* What needs to be done
Take the entries below and retype them word for word, excluding the images.

══════

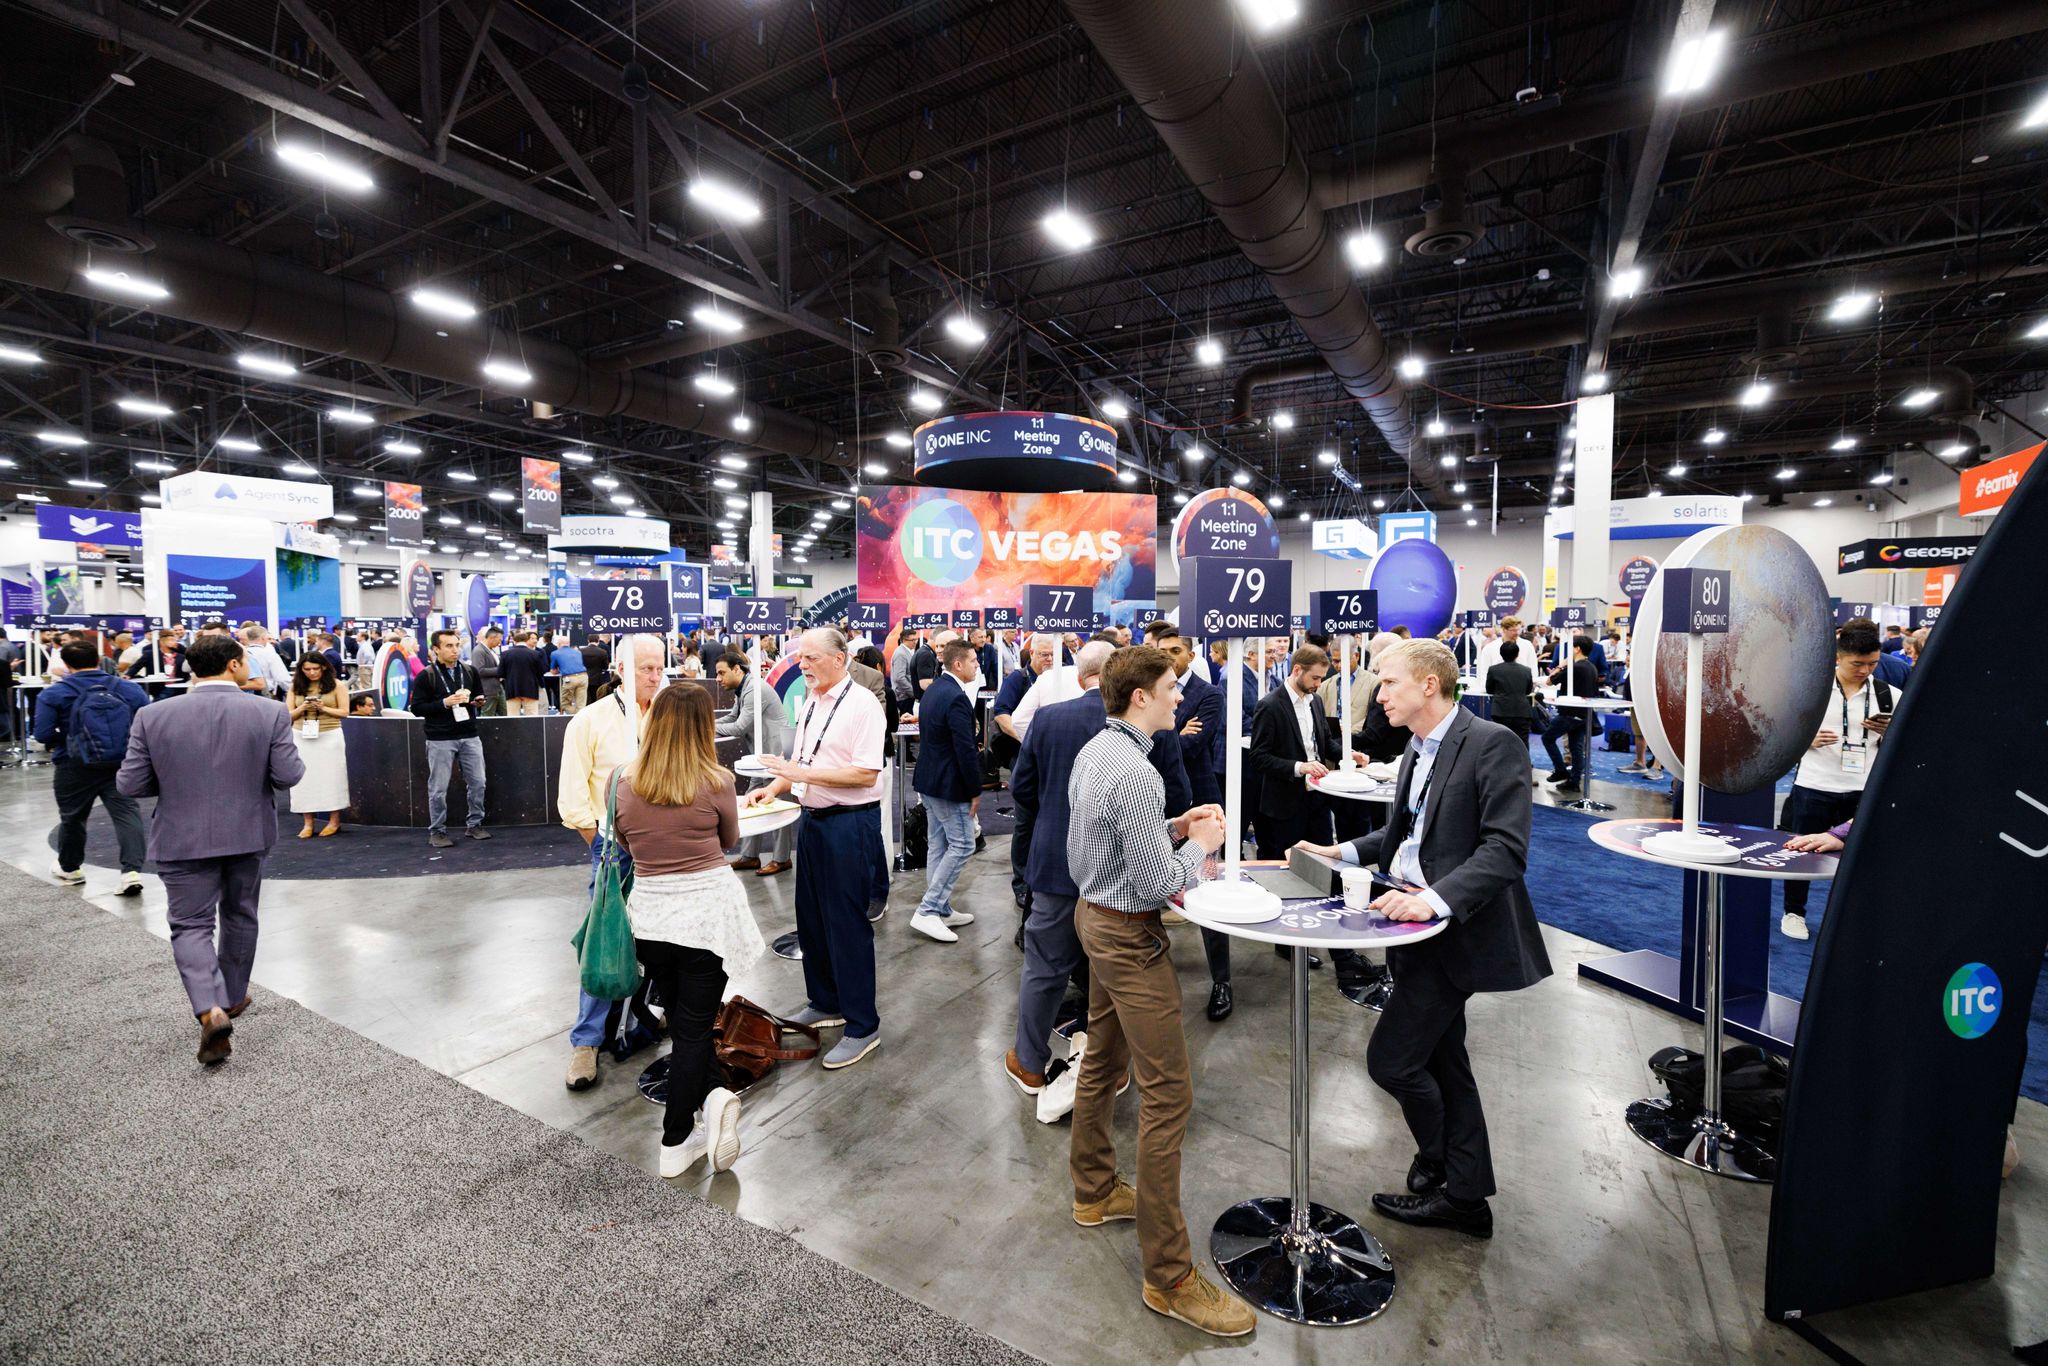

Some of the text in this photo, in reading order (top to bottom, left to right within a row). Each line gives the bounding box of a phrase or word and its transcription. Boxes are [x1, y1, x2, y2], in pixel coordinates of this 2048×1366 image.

[1031, 418, 1044, 429] 1:1
[938, 429, 991, 448] ONE INC
[1014, 430, 1060, 445] Meeting
[1022, 443, 1053, 455] Zone
[1094, 437, 1111, 455] ONE
[244, 488, 319, 505] AgentSync
[527, 487, 557, 503] 2100
[388, 507, 421, 521] 2000
[1221, 502, 1237, 516] 1:1
[1673, 502, 1728, 518] solartis
[569, 527, 615, 536] socotra
[1200, 518, 1257, 537] Meeting
[913, 527, 1122, 562] ITC VEGAS
[1210, 536, 1247, 550] Zone
[180, 583, 228, 591] Transform
[1225, 567, 1266, 604] 79
[1493, 580, 1517, 588] Meeting
[180, 591, 237, 599] Distribution
[673, 591, 700, 600] socotra
[1702, 576, 1721, 606] 80
[181, 599, 226, 607] Networks
[607, 586, 644, 611] 78
[1048, 591, 1076, 612] 77
[745, 601, 770, 619] 73
[1337, 595, 1362, 615] 76
[1854, 605, 1867, 617] 87
[861, 606, 876, 619] 71
[930, 614, 942, 623] 64
[959, 611, 973, 621] 65
[993, 609, 1008, 621] 68
[1144, 611, 1158, 621] 67
[1478, 611, 1487, 621] 91
[1568, 609, 1580, 619] 89
[1926, 607, 1941, 618] 88
[609, 616, 663, 628] ONE INC
[1048, 618, 1070, 628] ONE
[1071, 618, 1088, 628] INC
[1225, 614, 1284, 628] ONE INC
[1292, 616, 1302, 624] 95
[1338, 619, 1374, 630] ONE INC
[1703, 614, 1727, 626] ONE INC
[746, 623, 781, 631] ONE INC
[389, 675, 407, 697] ITC
[1951, 985, 1996, 1017] ITC

══════

* Task output
Some of the text in this photo, in reading order (top to bottom, left to right within a row). Each line gives the bounding box of a phrase or word and its transcription. Boxes are [x1, y1, x2, y2], in pixel coordinates of this 2048×1366 image.

[1031, 418, 1044, 429] 1:1
[938, 429, 991, 448] ONE INC
[1014, 430, 1060, 445] Meeting
[1022, 443, 1053, 455] Zone
[1094, 437, 1111, 455] ONE
[244, 488, 319, 505] AgentSync
[527, 487, 557, 503] 2100
[388, 507, 421, 521] 2000
[1221, 502, 1237, 516] 1:1
[1673, 502, 1728, 518] solartis
[569, 527, 615, 536] socotra
[1200, 518, 1257, 537] Meeting
[913, 527, 1122, 562] ITC VEGAS
[1210, 536, 1247, 550] Zone
[180, 583, 228, 591] Transform
[1225, 567, 1266, 604] 79
[1493, 580, 1517, 588] Meeting
[180, 591, 237, 599] Distribution
[673, 591, 700, 600] socotra
[1702, 576, 1721, 606] 80
[181, 599, 226, 607] Networks
[607, 586, 644, 611] 78
[1048, 591, 1076, 612] 77
[745, 601, 770, 619] 73
[1337, 595, 1362, 615] 76
[1854, 605, 1867, 617] 87
[861, 606, 876, 619] 71
[930, 614, 942, 623] 64
[959, 611, 973, 621] 65
[993, 609, 1008, 621] 68
[1144, 611, 1158, 621] 67
[1478, 611, 1487, 621] 91
[1568, 609, 1580, 619] 89
[1926, 607, 1941, 618] 88
[609, 616, 663, 628] ONE INC
[1048, 618, 1070, 628] ONE
[1071, 618, 1088, 628] INC
[1225, 614, 1284, 628] ONE INC
[1292, 616, 1302, 624] 95
[1338, 619, 1374, 630] ONE INC
[1703, 614, 1727, 626] ONE INC
[746, 623, 781, 631] ONE INC
[389, 675, 407, 697] ITC
[1951, 985, 1996, 1017] ITC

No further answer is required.